Neben der Neuentwicklung von Medikamenten lohnt es immer auch in die Schatzkiste der vorhandenen Heilmittel zu schauen. Denn hier finden sich auch potente Kandidaten zur Behandlung von Covid-19.

Dass diese nicht mit dem gleichen Stellenwert untersucht werden wie die neuen Impfstoffe, zeigt deutlich den gewinnorientierten Aspekt dieser Krankheit.

Eine neue Krankheit wie Covid-19 ist immer eine Herausforderung, da Therapien und medikamentöse Behandlungen erst einmal gefunden und getestet werden müssen. Allerdings ist es ein merkwürdiger Lösungsansatz, sowohl die finanzielle Unterstützung als auch die mediale Aufmerksamkeit ausschließlich auf eine schnell herbeigezauberte und entsprechend risikobehaftete Impfung zu konzentrieren. Dadurch wird ein übermäßiger Erfolgsdruck aufgebaut, der dazu führt, dass Erfolge überbewertet werden bei gleichzeitigem Herunterspielen der Risiken. Zum anderen verbaut man sich Alternativen, die gerade beim Versagen der Impfstrategie sehr wichtig wären.

Von Anfang an wurde die Suche nach möglichen Medikamenten innerhalb der großen Gruppe bereits bekannter Wirkstoffe vernachlässigt, obwohl z.B. die Forschergruppe des FLCCC das Parasitenmittel Ivermectin empfiehlt. Diesem Medikament bescheinigen mittlerweile mehrere Studien ein hohes Potential, schwere Krankheitsverläufe von Covid-19 zu verhindern.
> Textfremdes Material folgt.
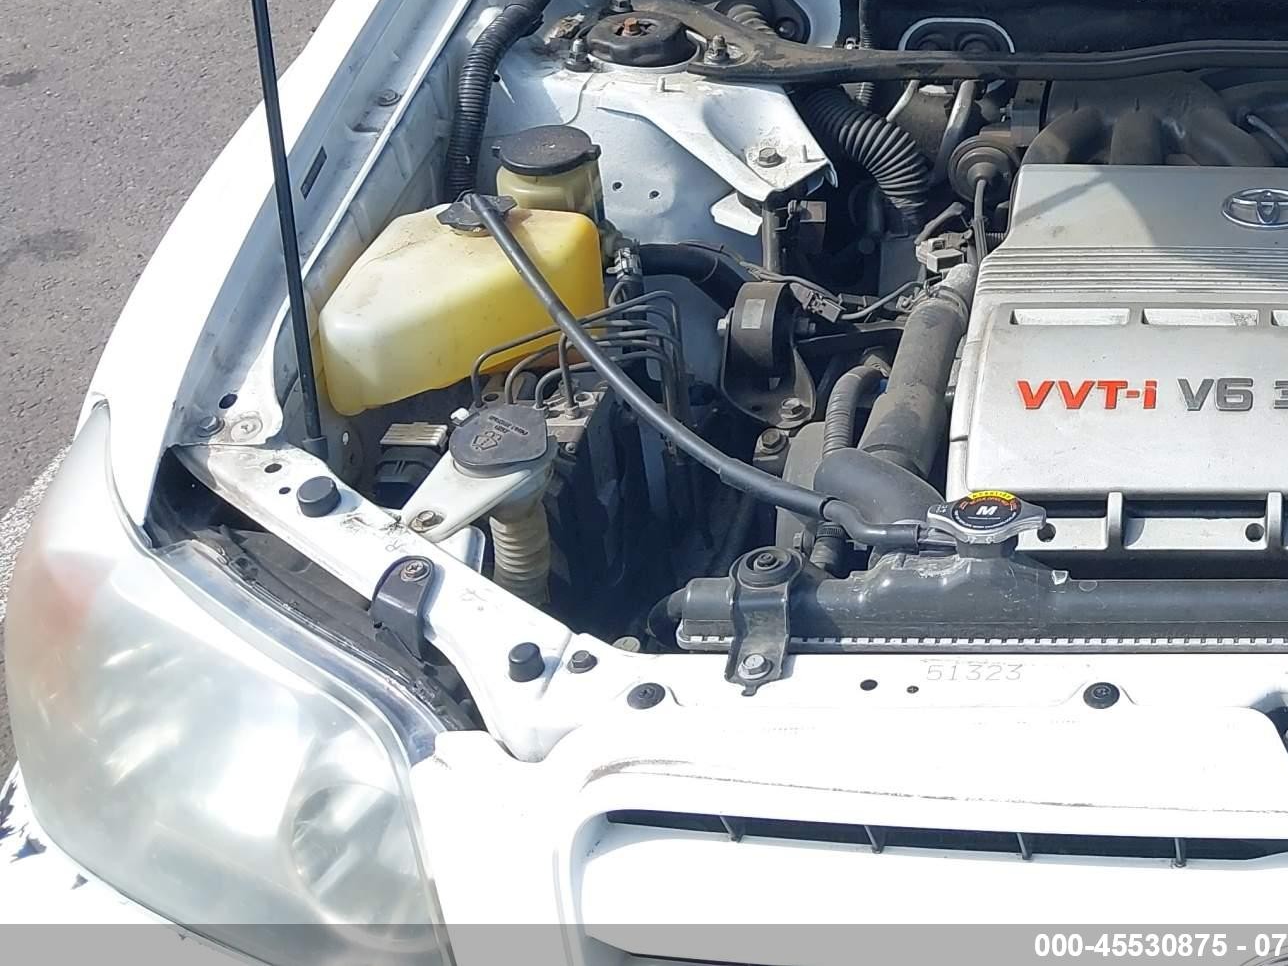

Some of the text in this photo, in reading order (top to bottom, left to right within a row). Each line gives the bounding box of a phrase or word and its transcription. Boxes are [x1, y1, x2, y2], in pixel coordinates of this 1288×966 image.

Neben synthetischen Wirkstoffen gibt es die große Gruppe der pflanzlichen Wirkstoffe, von denen viele antiviral und entzündungshemmend wirken und zumindest prophylaktisch eingesetzt werden könnten [1]. Eine Pflanze, die in der chinesischen Medizin schon lange gegen Malaria eingesetzt wird, bescherte 2015 der Pharmakologin Tu Youyou den Medizin-Nobelpreis: Der einjährigen Beifuß (Artemisia annua). Sein wichtigster Wirkstoff Artemisinin ist mittlerweile Standard bei der Behandlung von Malaria und zeigt auch bei einigen Krebsarten einen wachstumshemmenden Effekt. Momentan wird untersucht, ob Artemisinin in Kombination mit anderen Stoffen, vor allem Kaffee oder Tee, auch bei Covid-19 helfen kann. [2]
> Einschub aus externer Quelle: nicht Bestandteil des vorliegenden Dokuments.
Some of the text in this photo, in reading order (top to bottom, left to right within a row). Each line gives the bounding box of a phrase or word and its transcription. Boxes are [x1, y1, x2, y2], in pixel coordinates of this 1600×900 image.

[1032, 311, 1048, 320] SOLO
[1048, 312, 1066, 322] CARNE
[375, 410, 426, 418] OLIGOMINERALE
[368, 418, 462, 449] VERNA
Irmtraud Geywitz hat im folgenden einige Quellen und Studien zusammengestellt, die sich mit dem Einsatz von Artemisia annua bei Covid-19 beschäftigen.

Artemisia Annua ist eine gut untersuchte Pflanze, wie der Übersichtsartikel von Axelle Septembre-Malaterre et al. zeigt. In diesem werden die sechs Inhaltsstoffe dieser Pflanze beschrieben, die antiviral, entzündungs- und krebshemmend wirken. Desweiteren wirken diese Substanzen gegen einige Viren wie z.B. Hepatitis C, Cytomegalie, Herpes simplex, Epstein Barr, Polyoma und Papilloma. Auch  gegen HIV zeigte eine Kombination von Tee und Artimisia gute Erfolge. [7]

Eine chinesische Studie untersuchte bereits 2005 zweihundert Pflanzen aus der traditionellen chinesischen Medizin auf ihre antivirale Wirkung gegen SARS-CoV-1, das ebenfalls die Atemwegsorgane angreift. Davon waren vier vielversprechend und von diesen wiederum nur eine leicht zu vermehren: Artemisia annua. Die Forscher schließen:

"In conclusion, the compounds extracted from A. annua, L. radiata, P. lingua, and L. aggregata have been identified to show antiviral activity against SARS-CoV in Vero cell-based CPE/MTS screening. [...] The results from our study provide strong support for the usage of these herbs to treat SARS-CoV infectious diseases." [4]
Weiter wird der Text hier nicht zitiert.